Researchers from the Energy Safety Research at Swansea University, in collaboration with their colleagues at Rice University, developed a new reusable filters that could remove over 99 percent of Heavy Metal toxins from water.

The new filter, dubbed as “supported-epoxidized carbon nanotube” (SENT), consists of Carbon Nanotubes immobilized in a tuft of quartz fiber.

Carbon nanotube-reinforced filter

During lab tests, the researchers found that the SENT filters can easily absorb over 99 percents of metals in water samples containing cadmium, cobalt, copper, mercury, nickel and lead.

Metal toxins absorbed in the filter can either be extracted to be reused or turn into solid for safe disposal. The filter can then be washed using vinegar for reuse.
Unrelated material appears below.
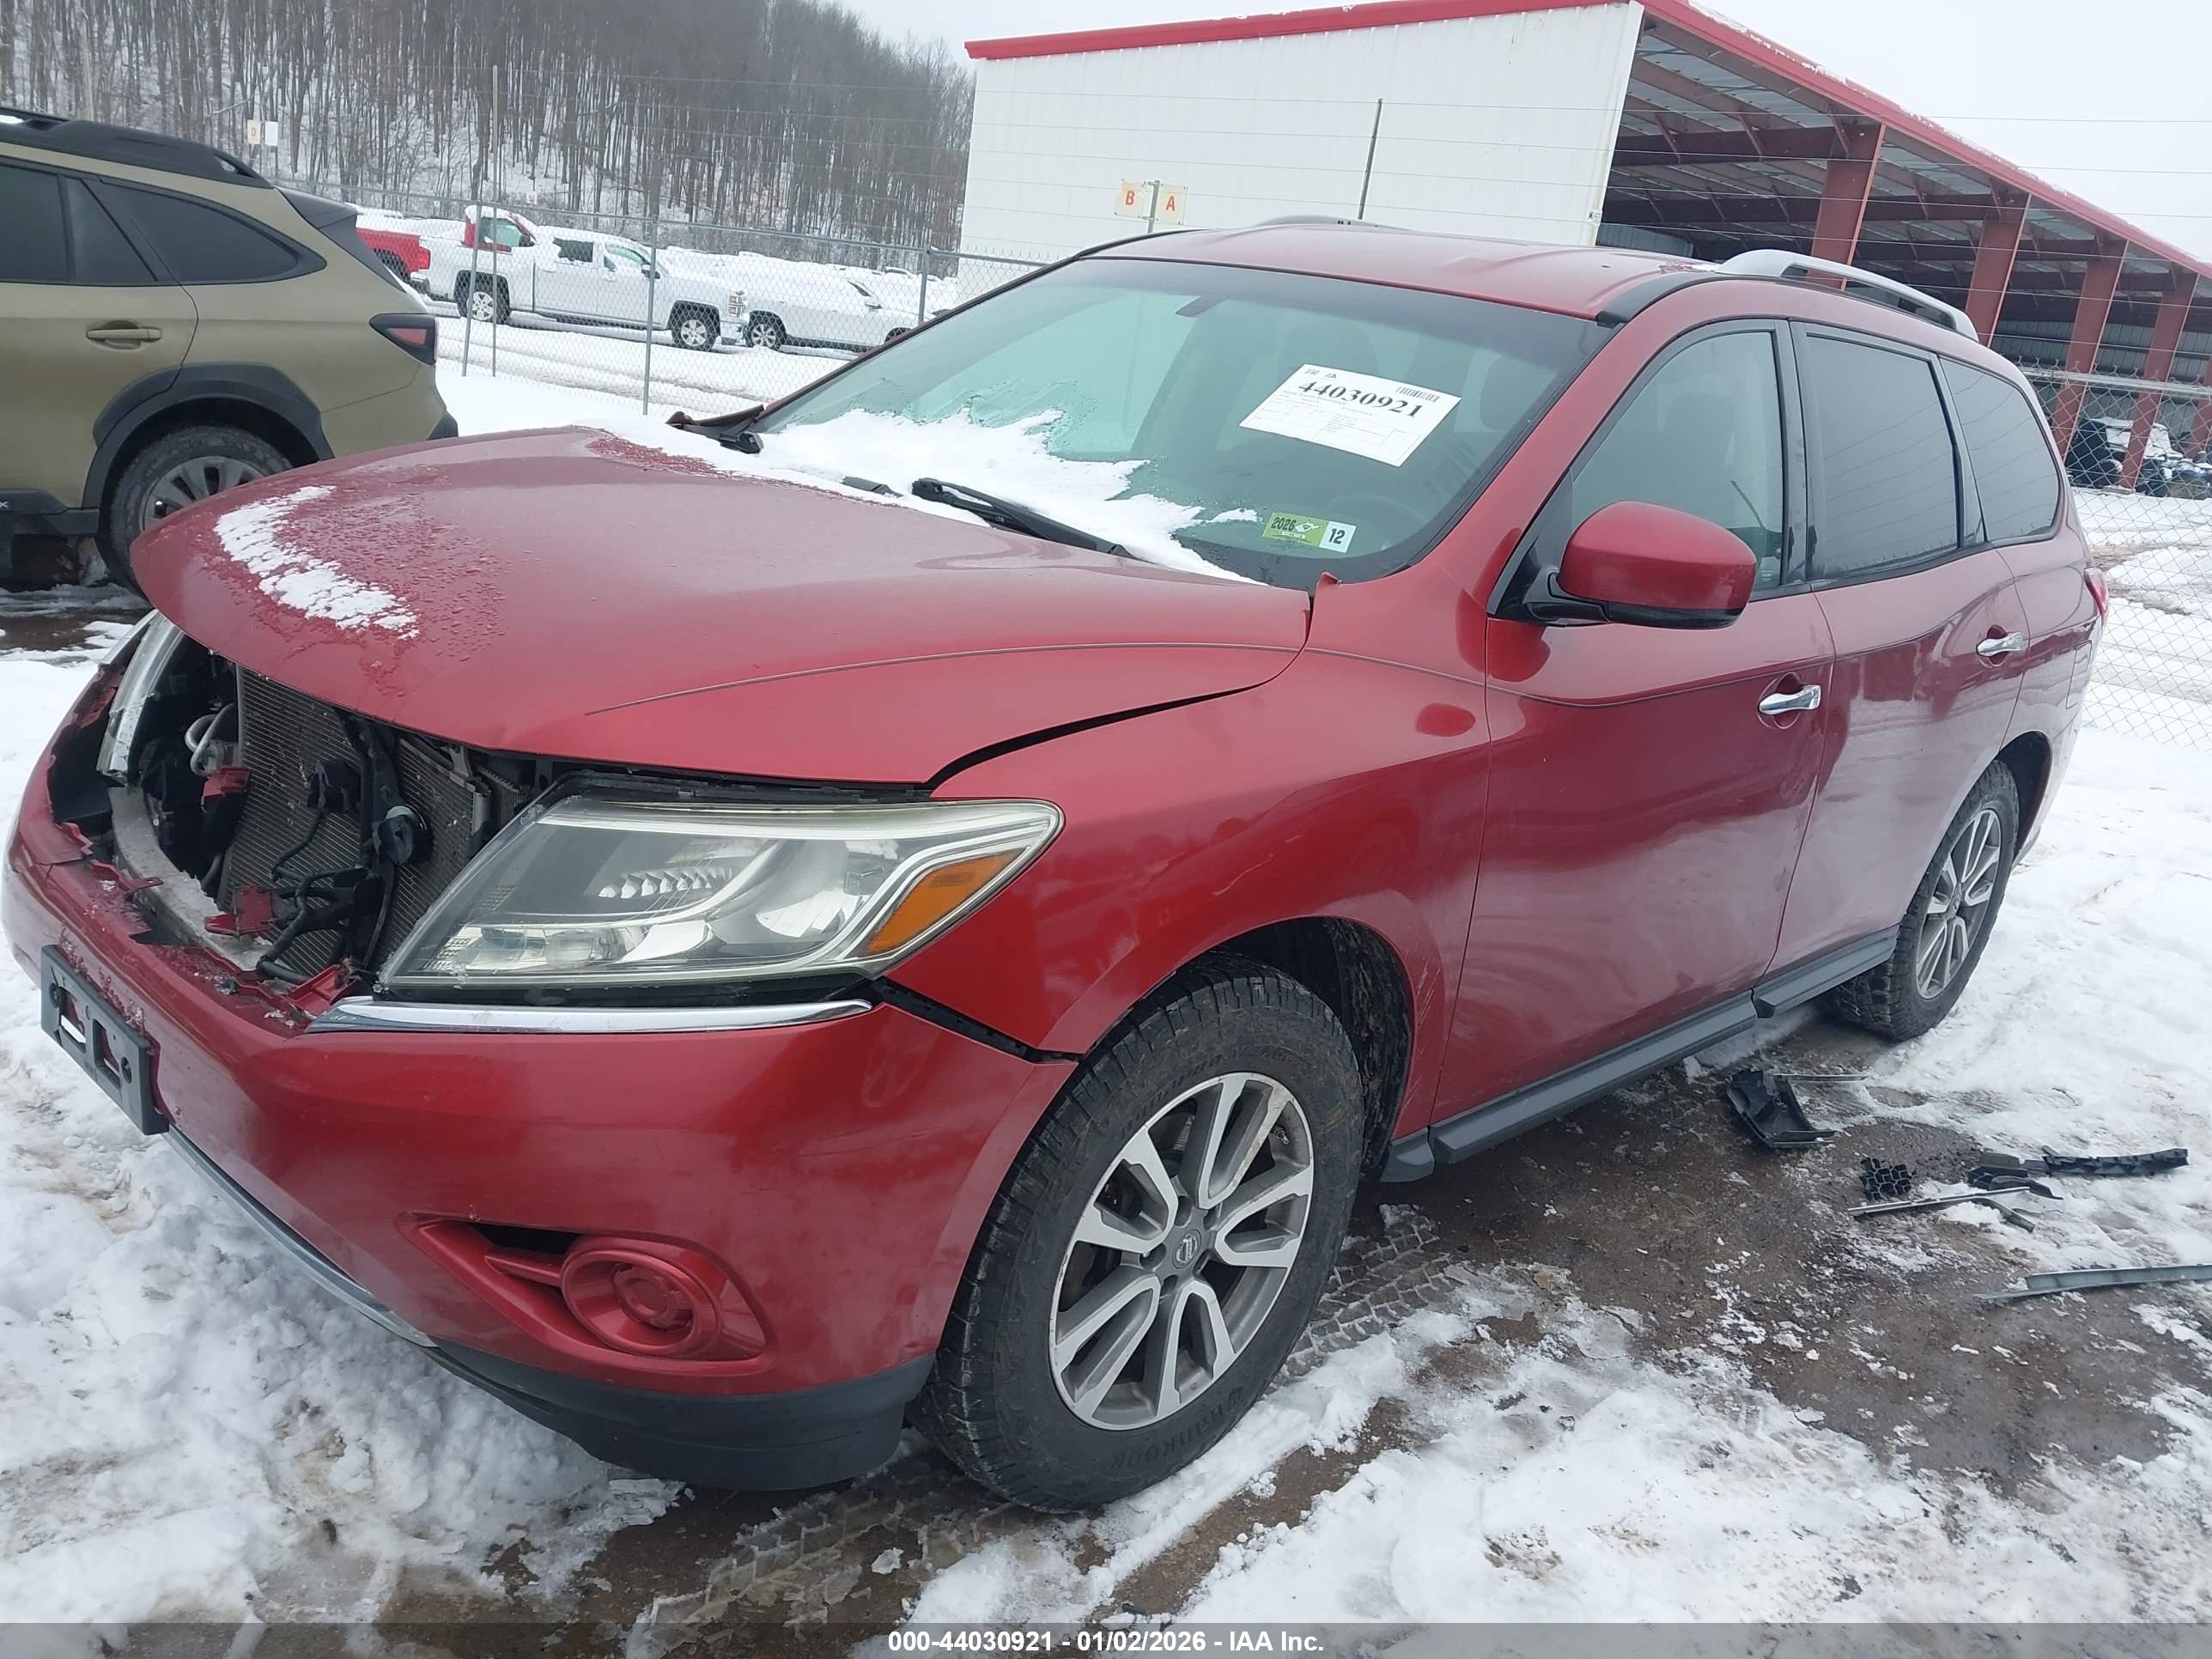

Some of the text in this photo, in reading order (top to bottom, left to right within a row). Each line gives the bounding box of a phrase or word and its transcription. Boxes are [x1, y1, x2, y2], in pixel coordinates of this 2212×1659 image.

Scaled-up version of SENT filters were capable of treating five liters of water in less than one minute and be treated for reuse in 90 seconds. SENT filters could maintain nearly 100 percent of its capacity to filter water up to 70 liters per 100 grams of SENT.

While the quartz fiber provides form and the carbon nanotube sheath makes the filter tough, the secret behind the highly-absorbent quality of the SENT filters lies in the epoxidation via an oxidizing acid.

The researchers estimate that about a gram of SENT filters is capable of treating up to 83,000 liters of contaminated water to meet standards imposed by the World Health Organization.

The dangers of heavy metal toxins

Heavy metal poisoning remains a big problem in the United States. One of the major causes of heavy metal poisoning in the US is lead, which mostly affects children. Other metals associated with heavy metal poisoning in the US include mercury, arsenic and cadmium.

People are more commonly exposed to metal toxins in their work environment.

Old lead-based paints, improperly coated food containers and some medications are also known to cause heavy metal poisoning.

Toxic heavy metals can also linger in air and water. Improper disposal of electronic waste, such as phones, computers and other devices, in landfills could contaminate groundwater. Old plumbing fittings and rusty water pipes could also leak heavy metal toxins into the water.

Sudden exposure to these toxins could cause nausea, vomiting, numbness, confusion or coma. Symptoms of chronic exposure may include constipation, headache, weakness, tiredness, joint pain and muscle pain.